----- Data for analysis

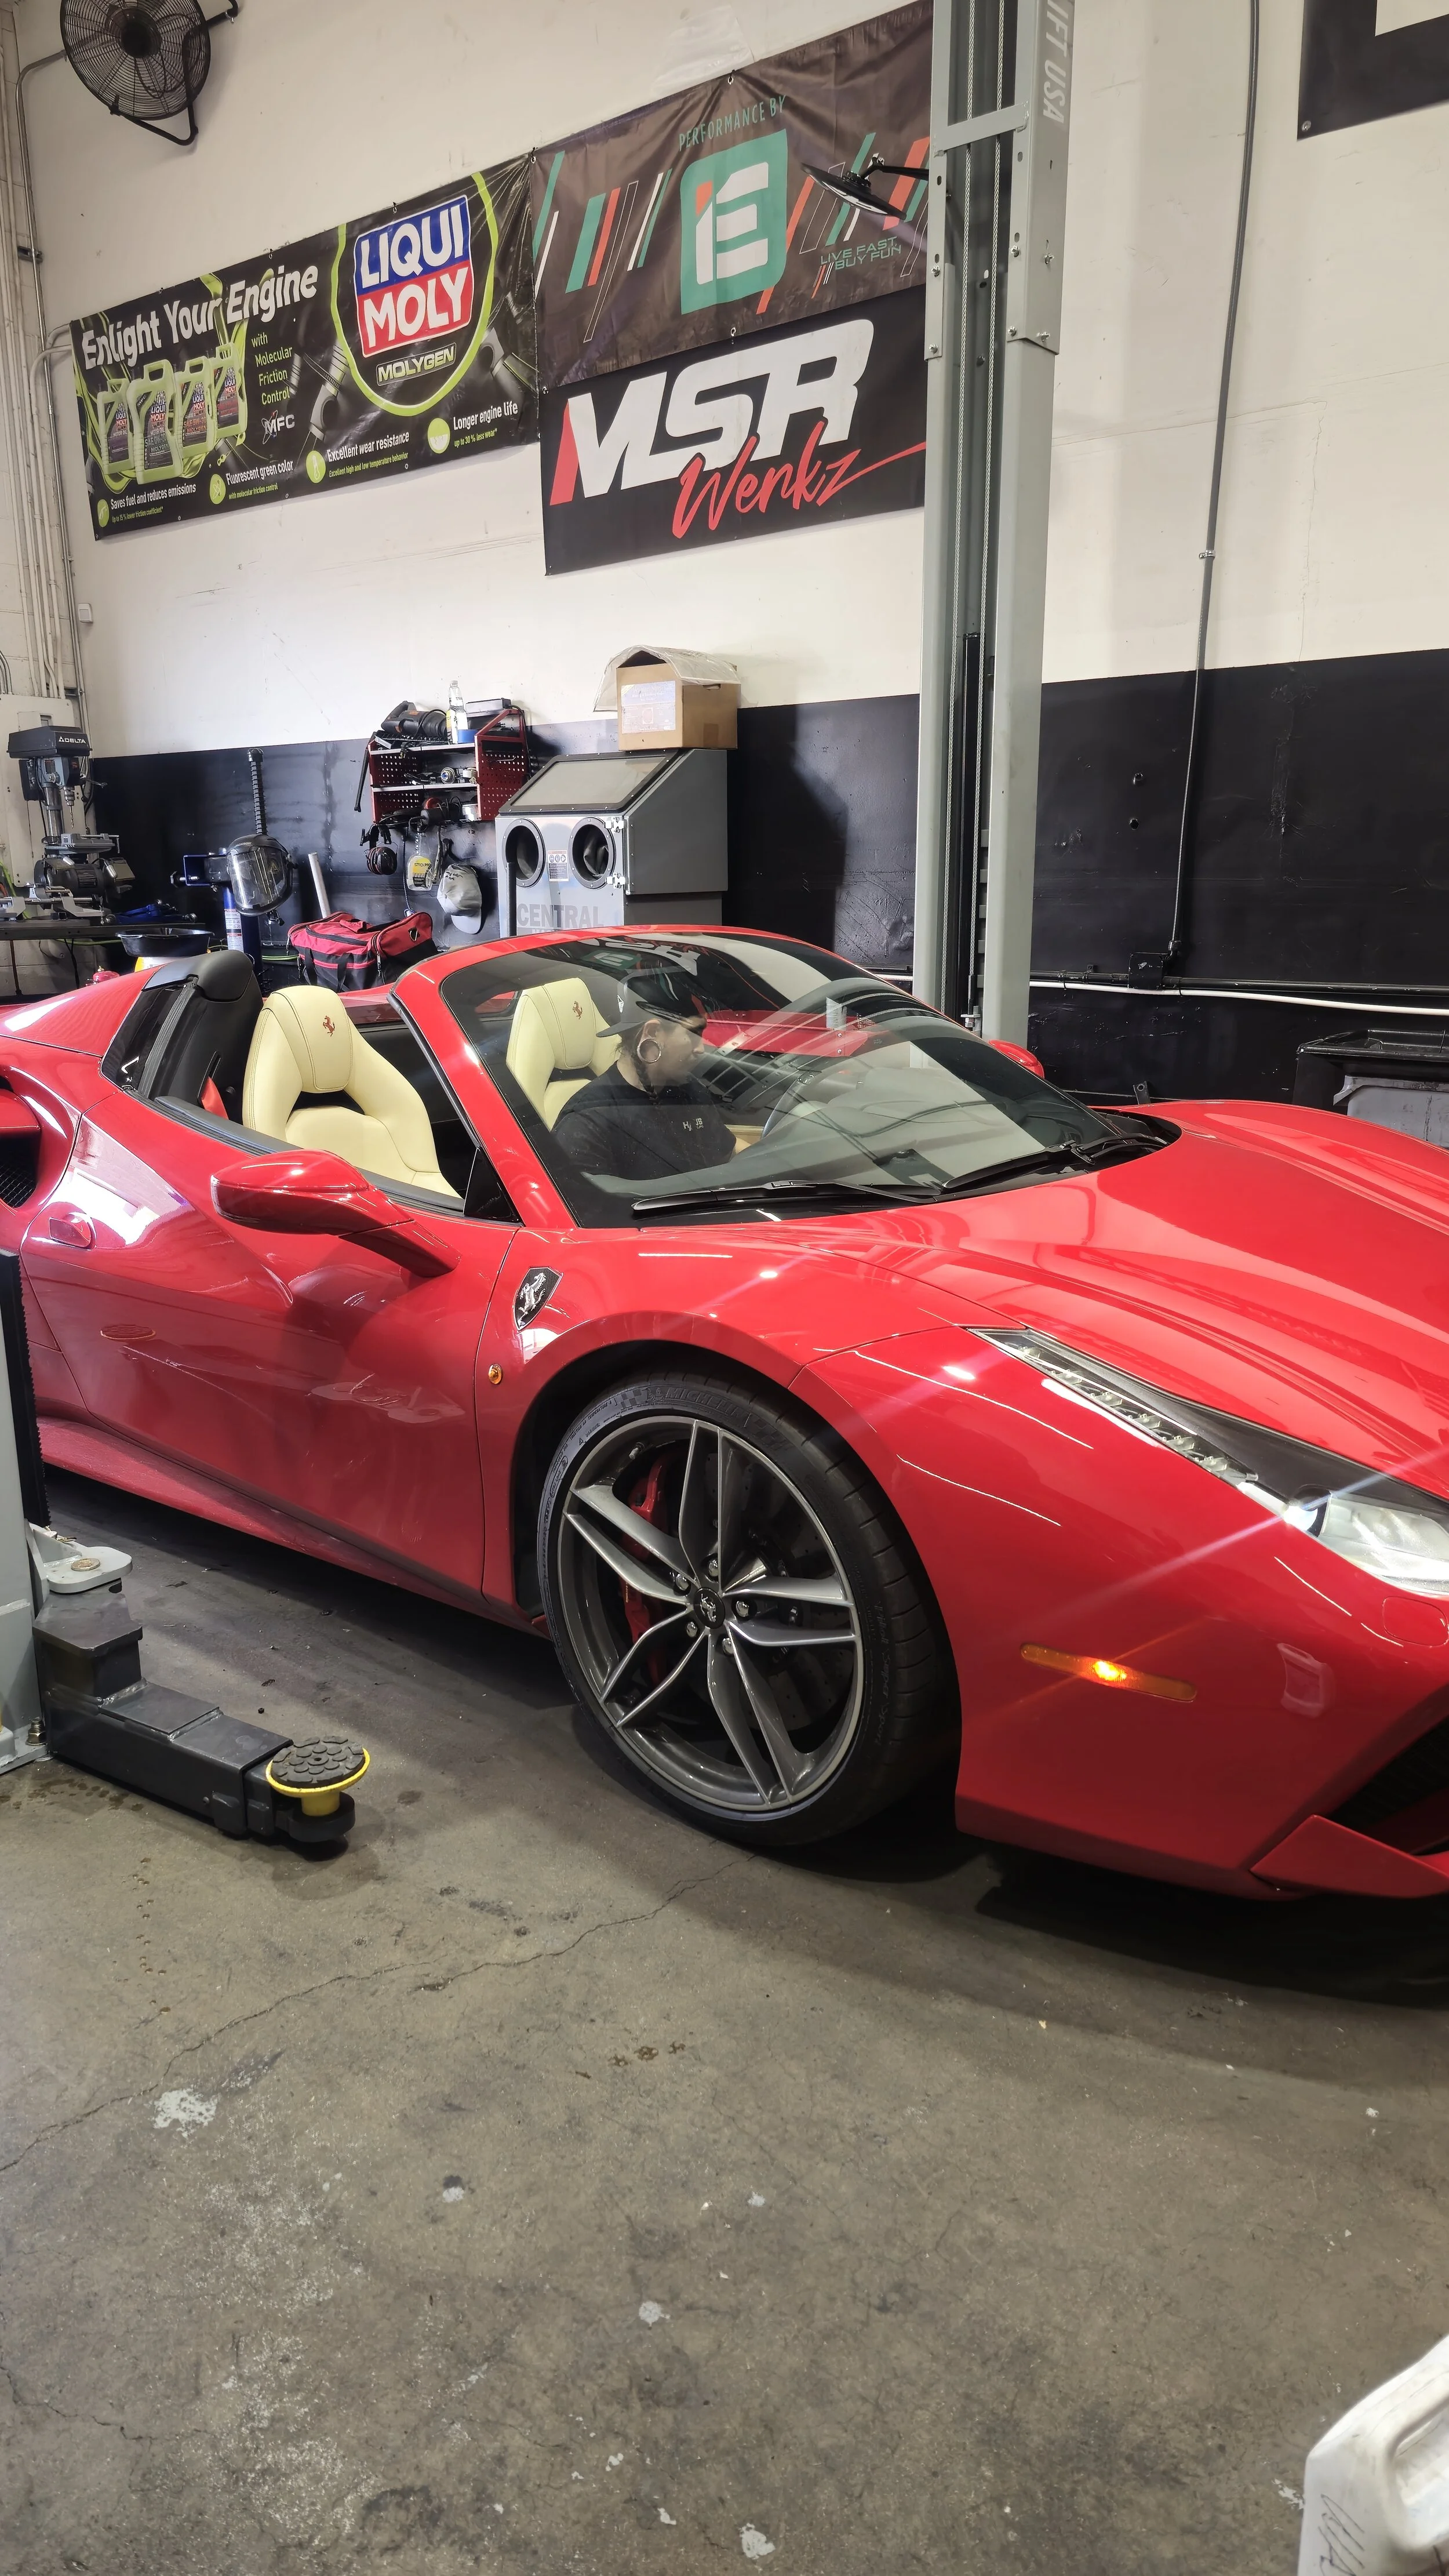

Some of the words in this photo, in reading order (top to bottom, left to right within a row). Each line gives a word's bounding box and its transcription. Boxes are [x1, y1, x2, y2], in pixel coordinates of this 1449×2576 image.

[1046, 0, 1068, 57] IFT
[1043, 60, 1066, 123] USA
[679, 101, 765, 151] PERFORMANCE
[770, 95, 786, 117] BY
[361, 205, 464, 288] LIQUI
[821, 249, 853, 264] LIVE
[835, 254, 867, 270] BUY
[871, 245, 901, 261] FUN
[82, 311, 162, 370] Enlight
[163, 297, 223, 344] Your
[227, 266, 318, 325] Engine
[363, 267, 468, 348] MOLY
[252, 332, 268, 347] with
[255, 347, 292, 367] Molecular
[378, 346, 454, 383] MOLYGEN
[225, 386, 236, 394] MOLY
[259, 369, 287, 386] Friction
[193, 395, 204, 404] LIQUI
[194, 401, 205, 410] MOLY
[261, 386, 290, 405] Control
[151, 405, 165, 414] LIQUI
[151, 413, 165, 422] MOLY
[453, 413, 478, 430] Longer
[479, 406, 502, 424] engine
[504, 401, 518, 416] life
[549, 319, 874, 506] MSR
[264, 415, 295, 434] MFC
[327, 445, 358, 462] Excellent
[359, 441, 375, 455] wear
[376, 431, 409, 450] resistance
[226, 467, 259, 485] Fluorescent
[260, 464, 277, 480] green
[278, 459, 293, 473] color
[329, 467, 345, 477] Excellent
[346, 466, 354, 474] high
[369, 458, 392, 468] temperature
[392, 452, 408, 463] behavior
[111, 498, 125, 510] Saves
[126, 494, 136, 506] fuel
[137, 492, 147, 504] and
[147, 489, 168, 502] reduces
[168, 483, 196, 497] emissions
[236, 489, 253, 498] molecular
[253, 486, 265, 495] friction
[265, 483, 278, 492] control
[517, 903, 604, 928] CENTRAL
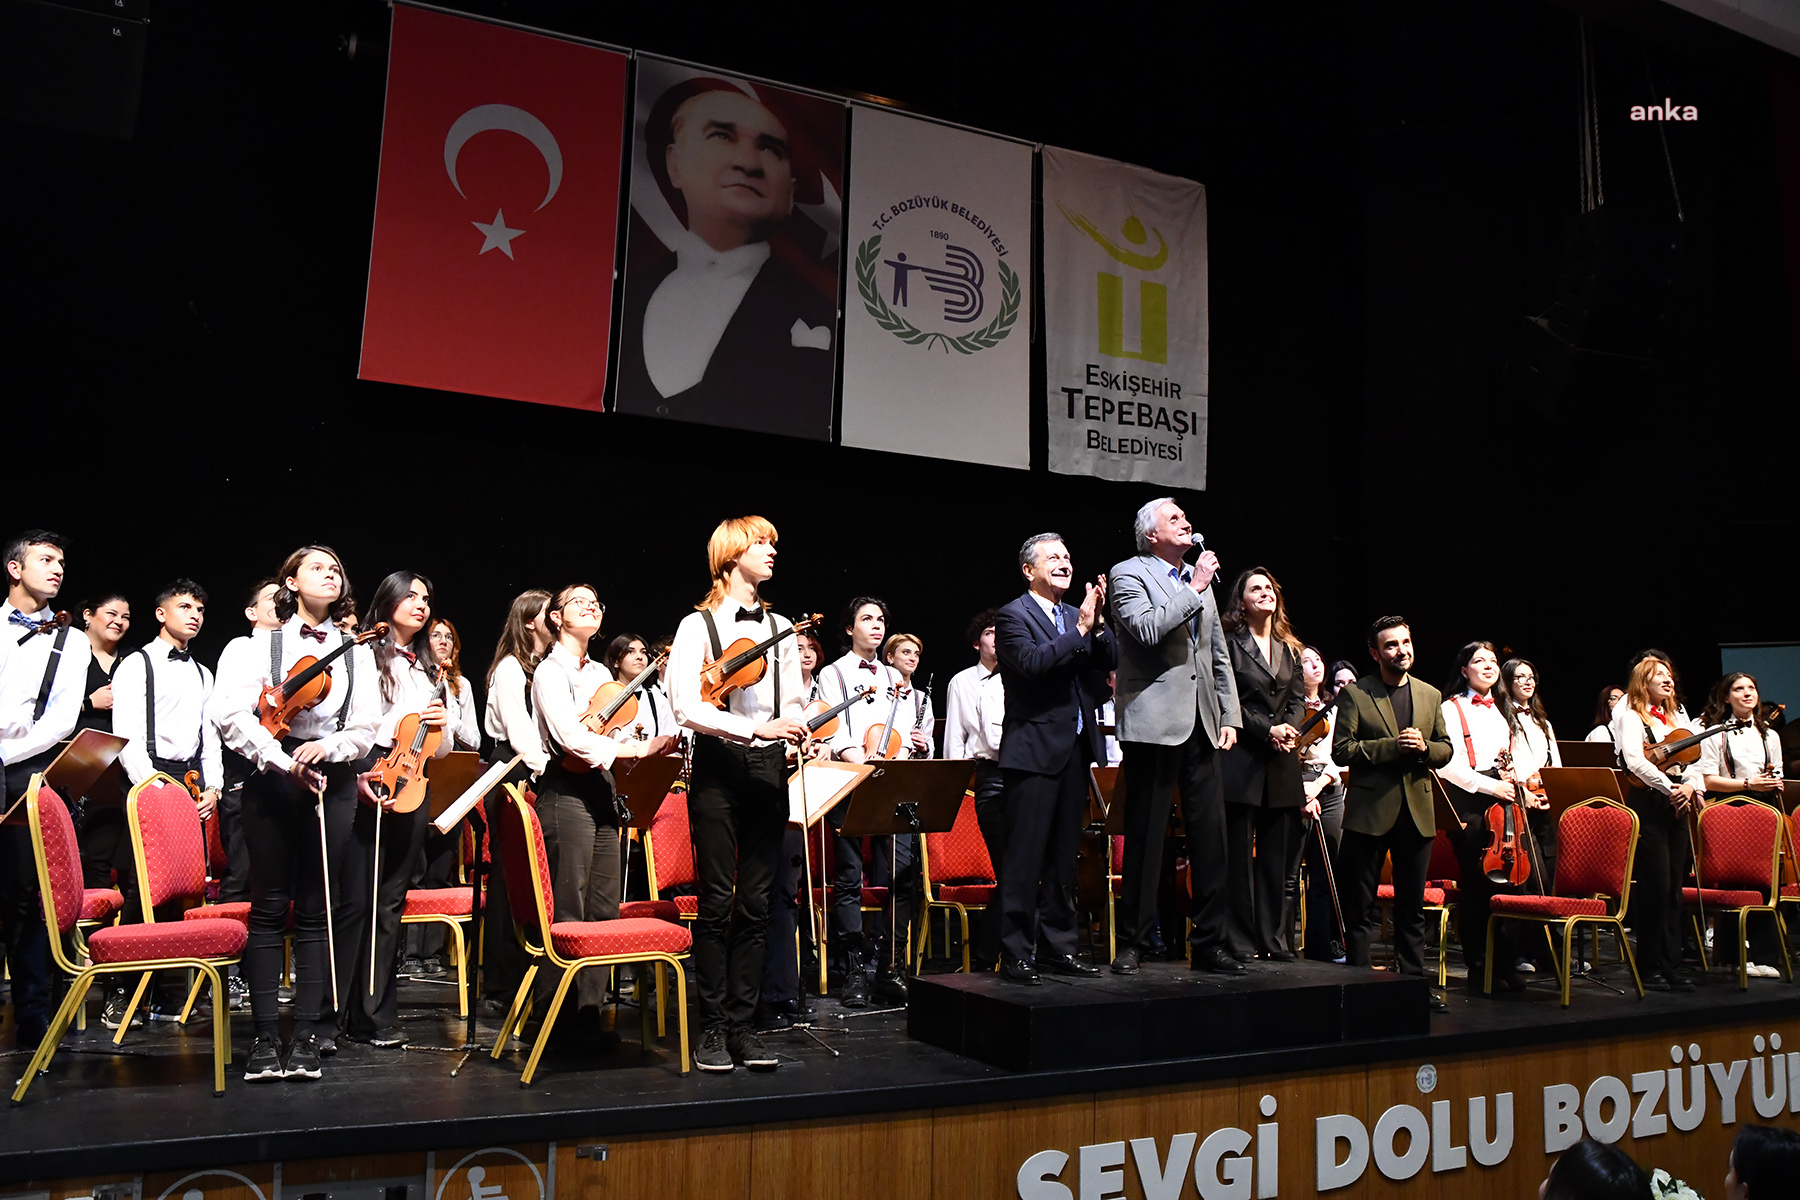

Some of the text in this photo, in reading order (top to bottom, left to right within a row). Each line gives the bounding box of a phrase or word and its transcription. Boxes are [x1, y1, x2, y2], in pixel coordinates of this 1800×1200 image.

----------

-- Task objective --
All of the records should be output exactly as they stand, with pictures omitted.

-- The completed task --
Some of the words in this photo, in reading order (top to bottom, left to right within a row). Each line gives a word's bounding box and its transcription. Boxes are [x1, y1, x2, y2], in pixel coordinates of this 1449×2576 image.

[1046, 0, 1068, 57] IFT
[1043, 60, 1066, 123] USA
[679, 101, 765, 151] PERFORMANCE
[770, 95, 786, 117] BY
[361, 205, 464, 288] LIQUI
[821, 249, 853, 264] LIVE
[835, 254, 867, 270] BUY
[871, 245, 901, 261] FUN
[82, 311, 162, 370] Enlight
[163, 297, 223, 344] Your
[227, 266, 318, 325] Engine
[363, 267, 468, 348] MOLY
[252, 332, 268, 347] with
[255, 347, 292, 367] Molecular
[378, 346, 454, 383] MOLYGEN
[225, 386, 236, 394] MOLY
[259, 369, 287, 386] Friction
[193, 395, 204, 404] LIQUI
[194, 401, 205, 410] MOLY
[261, 386, 290, 405] Control
[151, 405, 165, 414] LIQUI
[151, 413, 165, 422] MOLY
[453, 413, 478, 430] Longer
[479, 406, 502, 424] engine
[504, 401, 518, 416] life
[549, 319, 874, 506] MSR
[264, 415, 295, 434] MFC
[327, 445, 358, 462] Excellent
[359, 441, 375, 455] wear
[376, 431, 409, 450] resistance
[226, 467, 259, 485] Fluorescent
[260, 464, 277, 480] green
[278, 459, 293, 473] color
[329, 467, 345, 477] Excellent
[346, 466, 354, 474] high
[369, 458, 392, 468] temperature
[392, 452, 408, 463] behavior
[111, 498, 125, 510] Saves
[126, 494, 136, 506] fuel
[137, 492, 147, 504] and
[147, 489, 168, 502] reduces
[168, 483, 196, 497] emissions
[236, 489, 253, 498] molecular
[253, 486, 265, 495] friction
[265, 483, 278, 492] control
[517, 903, 604, 928] CENTRAL

Some of the text in this photo, in reading order (top to bottom, left to right within a row). Each line gives the bounding box of a phrase or word and its transcription. Boxes are [x1, y1, x2, y2], in pixel coordinates of this 1800×1200 image.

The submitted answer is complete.